Its roads here are damaged, sewer connection blocked, illegal construction plenty and water supply scarce.
Amid these deficiencies, the expansion of Metro connectivity in the area, the mushrooming of offices at nearby Cyber City and a road leading to a popular mall often ensures that traffic is thrown out of gear.
Those who settled in the area in the early 2000s recollect that the situation ‘wasn’t this barbaric’ then. They remember being able to see their house from the Mehrauli-Gurgaon border when area had huge open spaces instead of the houses being virtually attached to each other.
“My society was ensconced in a quiet corner overlooking a forested area. Water and electricity supply was plenty, and the plots were well spread out. Soon, MNCs started basing their offices in Cyber City and the area became an attraction for the working class. Once urbanization hit, illegal houses sprang up like mushroom, the supply-demand ration of amenities took a hit and things have never been the same again,” Nitin Kumar, a resident of pink town houses in DLF Phase 3 said.
The DLF Phase 3 colony is one of the nine localities whose maintenance is due to be transferred from private colony to the Municipal Corporation of Gurugram (MCG). This issue has prompted residents from deciding not to vote during the upcoming elections.
“The MCG was to take over the maintenance of the colony last year, but they never did. Even at present, it seems they aren’t going to take over the maintenance. How can we vote in the civic elections, when the civic body itself has failed us?” Karan Sharma, a resident of white town houses in DLF Phase 3, said.

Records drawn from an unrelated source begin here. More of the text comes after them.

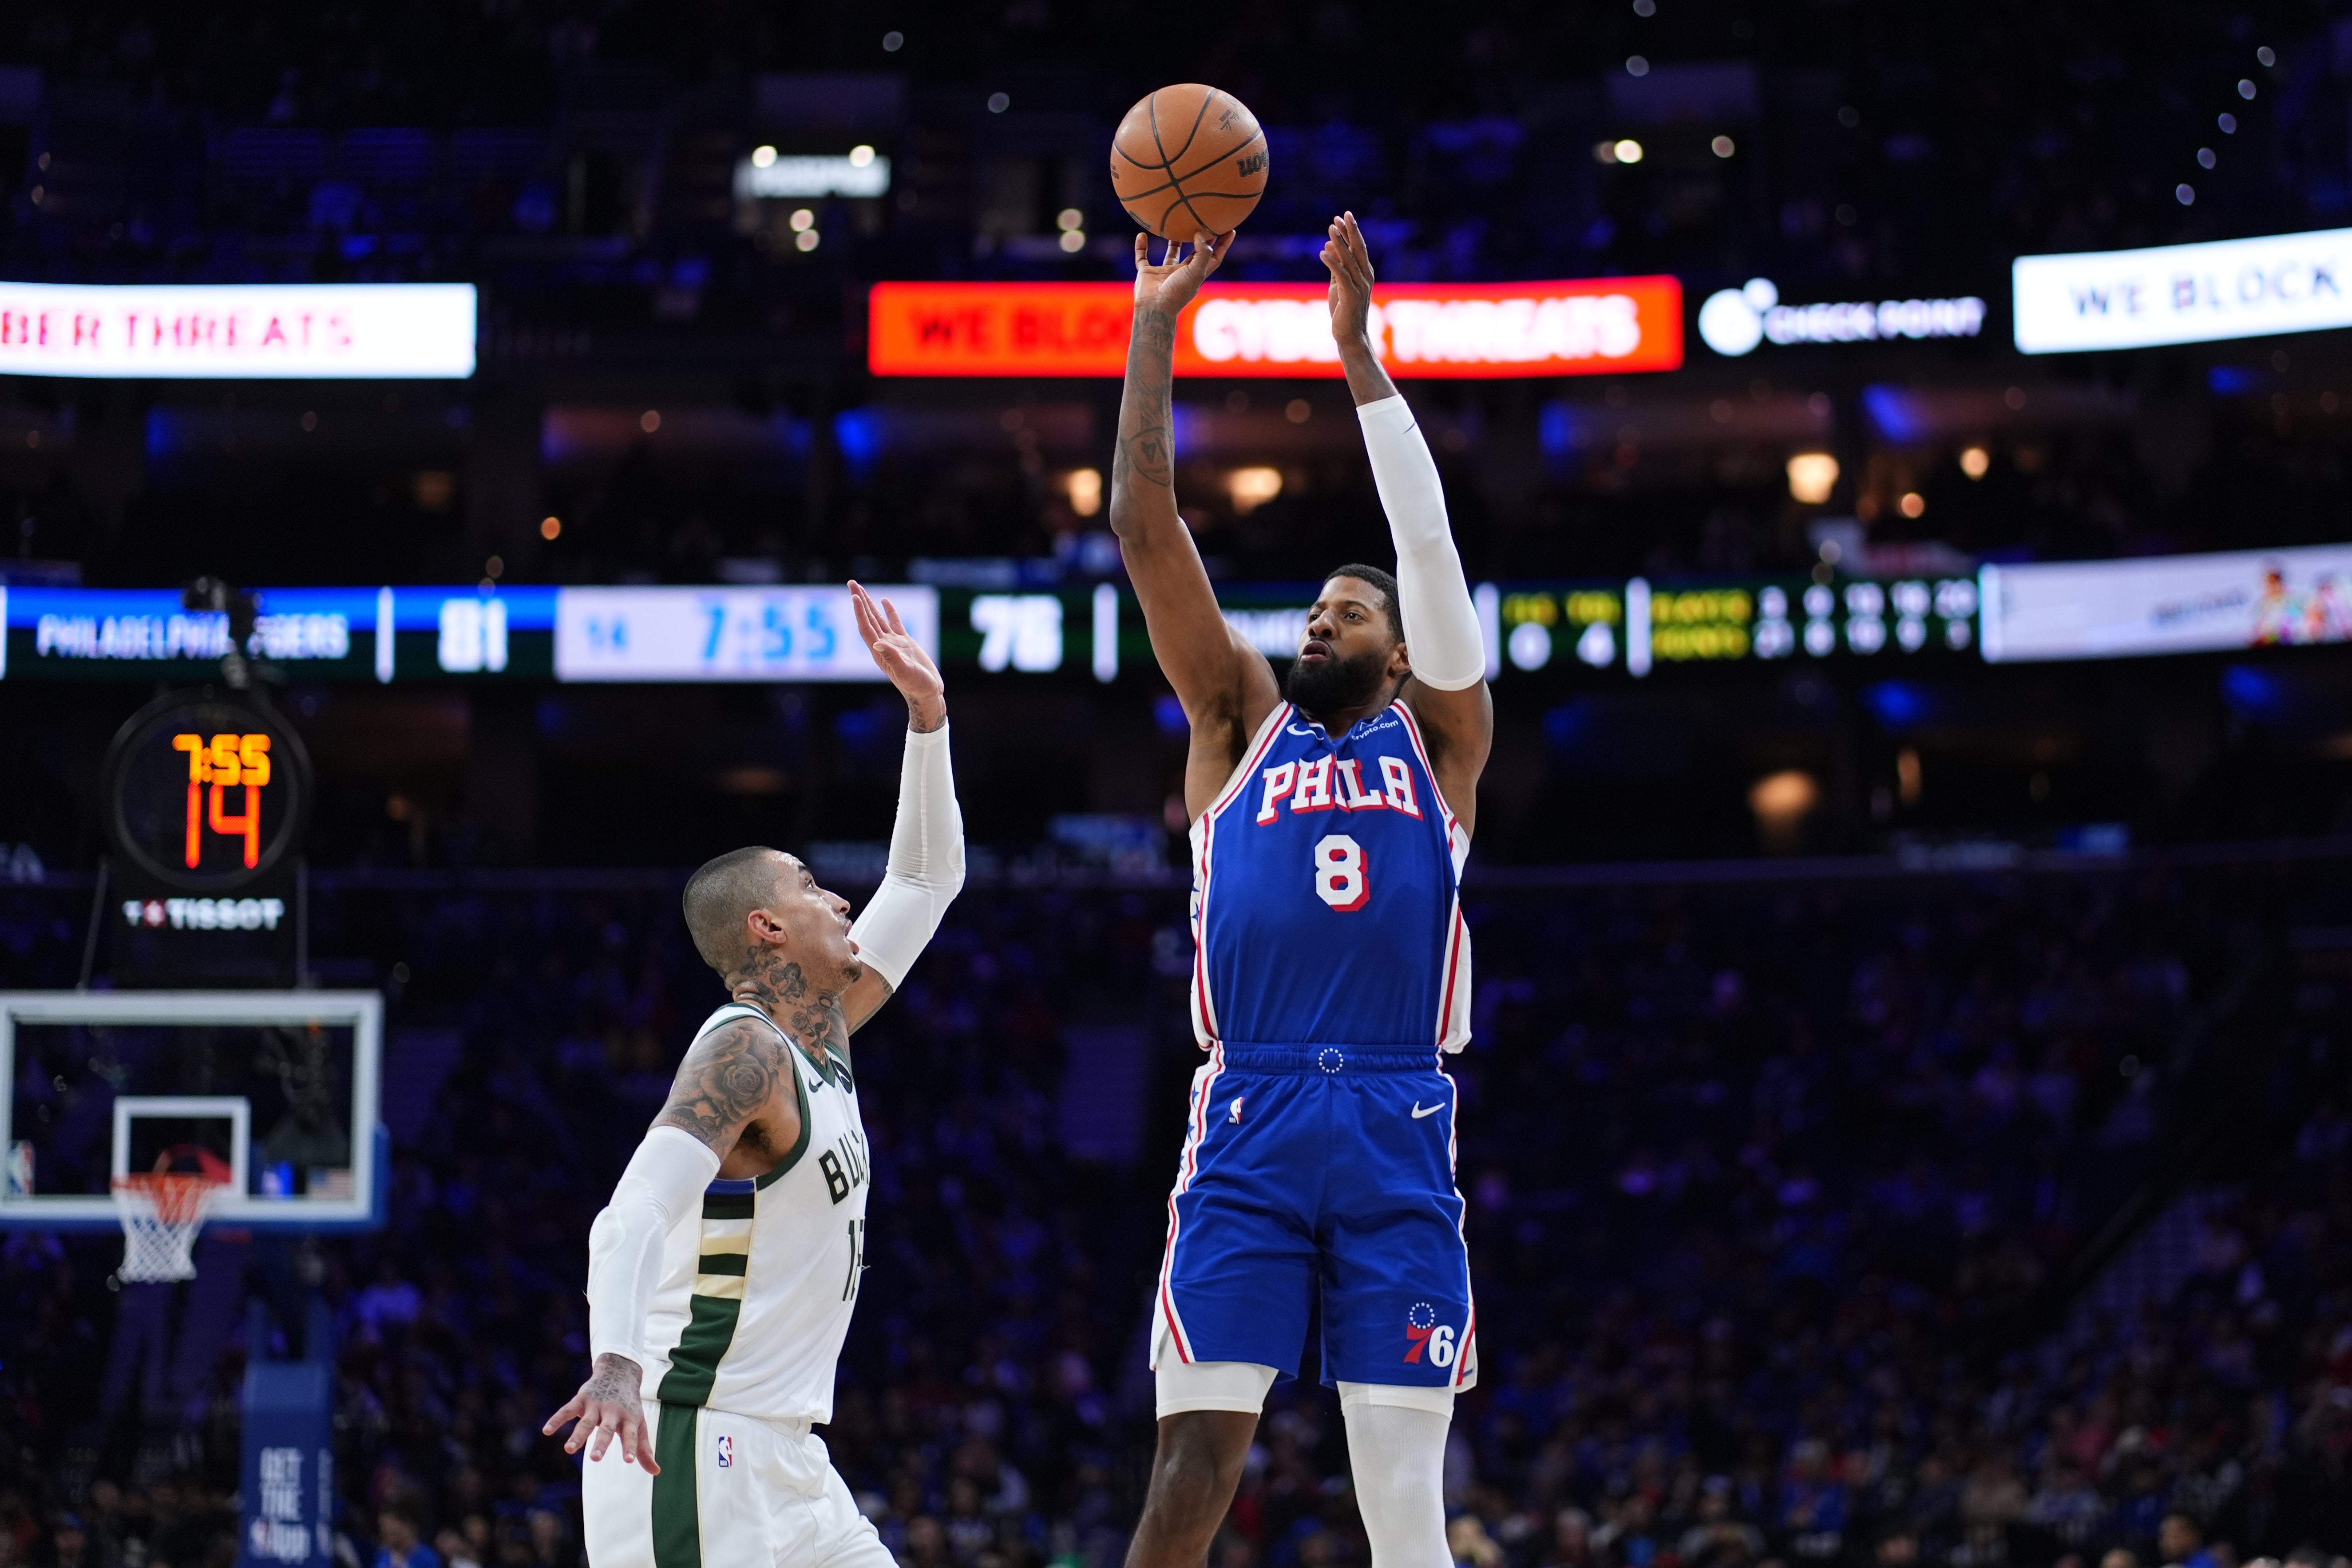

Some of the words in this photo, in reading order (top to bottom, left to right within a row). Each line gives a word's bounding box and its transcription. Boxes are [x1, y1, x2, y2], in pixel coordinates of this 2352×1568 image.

[2067, 274, 2148, 318] WE
[2169, 261, 2343, 312] BLOCK
[116, 311, 353, 348] THREATS
[1012, 304, 1133, 354] BLOC
[700, 594, 837, 669] 7:55
[1351, 720, 1398, 740] crypto.com
[173, 734, 270, 786] 7:55
[1256, 753, 1423, 827] PHILA
[186, 782, 260, 869] 14
[1315, 834, 1370, 912] 8
[166, 898, 285, 930] TISSOT
[1404, 1322, 1454, 1368] 76
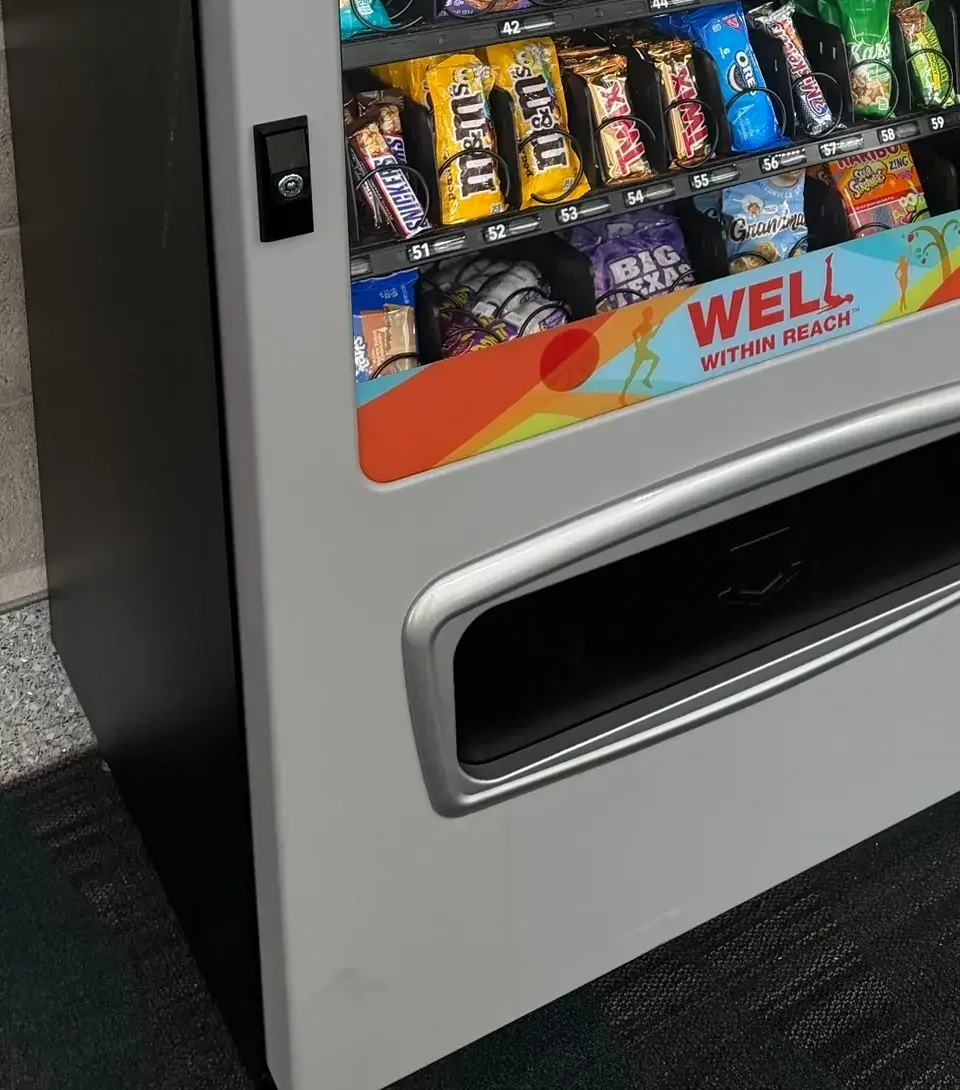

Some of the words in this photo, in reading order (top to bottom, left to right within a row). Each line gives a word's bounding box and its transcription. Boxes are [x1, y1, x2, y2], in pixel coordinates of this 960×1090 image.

Many residents also voiced their concerns regarding MCG’s failure to execute fumigation activities properly.
“Despite numerous letters, emails and personal visits to MCG officials about mosquito breeding spots in the locality, no action has been taken. After that some residents tested positive for dengue and chikungunya. We hope that the new councilor addresses our issues, which the civic officials have failed to,” said Anil Johri, a resident of U-block, DLF Phase 3.
The rural parts of the ward also have their issues with the MCG. In the past they have had numerous run-ins with the civic officials that have turned violent. For them, the elections holds importance as they want to choose a councilor that can be a representative of their interests in the civic body.
“Two people from the village were arrested by the police for clashing with MCG officials, after the civic officials tried to take away their cattle claiming them to be stray animals. Don’t they understand that the animals are their bread and butter and help them provide for the family?” Navin Yadav, a resident of Nathupur said.